Mali-Tribune : Selon Florence Parly, c’est Bamako qui multiplie les provocations. Dans cette escalade qui provoque qui ?

M.M. M. : L’Afrique a beaucoup changé ces vingt dernières années. Le paternalisme n’est plus de mise, et le ton condescendant avec lequel certaines autorités françaises parlent à nos autorités n’est pas acceptable car ce sont des relations entre Etats. Les relations internationales doivent s’effectuer dans le cadre de partenariats inclusifs. Chaque pays a le devoir régalien de coordonner non seulement l’action de ses partenaires, mais aussi d’exiger une harmonisation des activités des partenaires sur son territoire. Selon Morgenthau, les relations internationales sont basées sur la lutte pour la domination et le pouvoir. Dorénavant, les pays francophones d’Afrique ne peuvent plus être considérés comme les pré-carrés français à l’ère de la mondialisation et de la quatrième révolution industrielle. L’Afrique a une population très jeune, l’âge médian étant de dix-huit ans, donc la grande majorité des Africains ne se souviennent pas de l’indépendance qui est survenue il y a environ soixante ans à plus forte raison de la colonisation. Ainsi, il faudra donc adapter à l’air du temps les relations entre la France et le Mali en adoptant des discours plus réalistes, des méthodes plus efficaces et des partenariats gagnant-gagnant, c’est à ce prix seulement que nous aurons des relations internationales apaisées entre le Mali et la France.

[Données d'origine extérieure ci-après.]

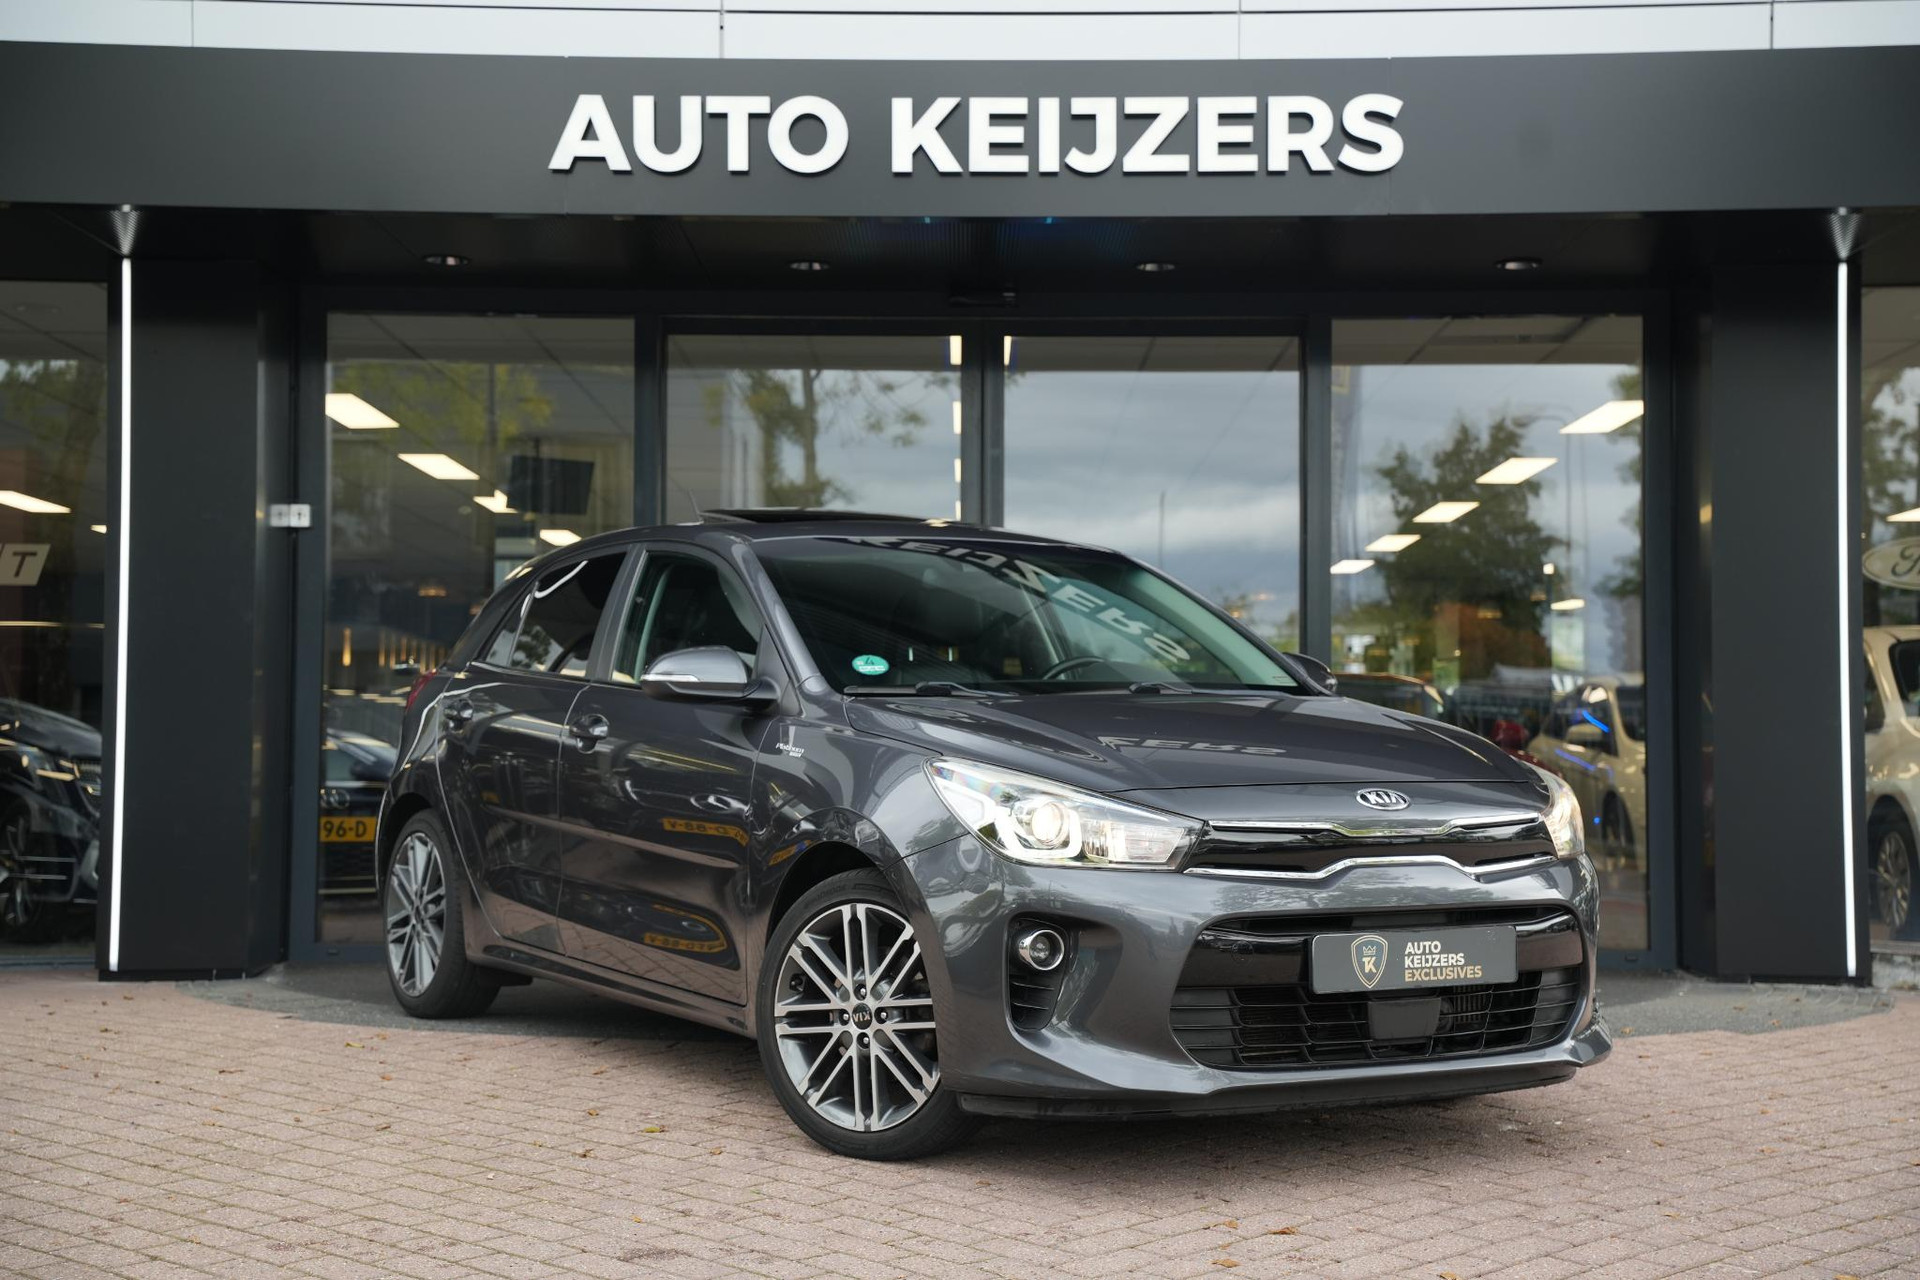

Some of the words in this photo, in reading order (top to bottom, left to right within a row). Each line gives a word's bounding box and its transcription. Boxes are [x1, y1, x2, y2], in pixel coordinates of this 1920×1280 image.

Mali-Tribune : les rumeurs vont bon train au Mali concernant la création de sa propre monnaie. Quel mécanisme il faut suivre pour qu’un Etat crée sa propre monnaie ?

M M. M. : Vous savez la gestion de la politique monétaire fait partie des Accords de coopération monétaire que nous avons avec la France dans le cadre de l’Union monétaire ouest africaine (Uémoa) puisque c’est l’Accord de coopération monétaire qui institue le Franc CFA et sa gouvernance. Cependant, nous devons aller vers des réformes au niveau des Accords de coopération de défense et monétaire. Pour la monnaie, je pense que les huit pays de l’Afrique de l’Ouest qui partagent le Franc CFA doivent évoluer autrement et nous devons en fonction de nos intérêts et aussi de notre niveau d’intégration économique. Aussi, la société doit évoluer avec la monnaie qui constitue le pouvoir d’achat des citoyens et nous devons nous réadapter constamment à la marche du monde pour mieux contribuer à l’économie mondiale et améliorer le niveau de vie de nos populations. L’adaptation doit être permanente et la modernisation de nos économies un impératif constant, qui nous permettra de nous adapter à la marche du monde et de hausser les niveaux de vie de nos populations, préalable à tout développement économique étant l’établissement et le maintien d’un climat de paix et de sécurité sur notre continent.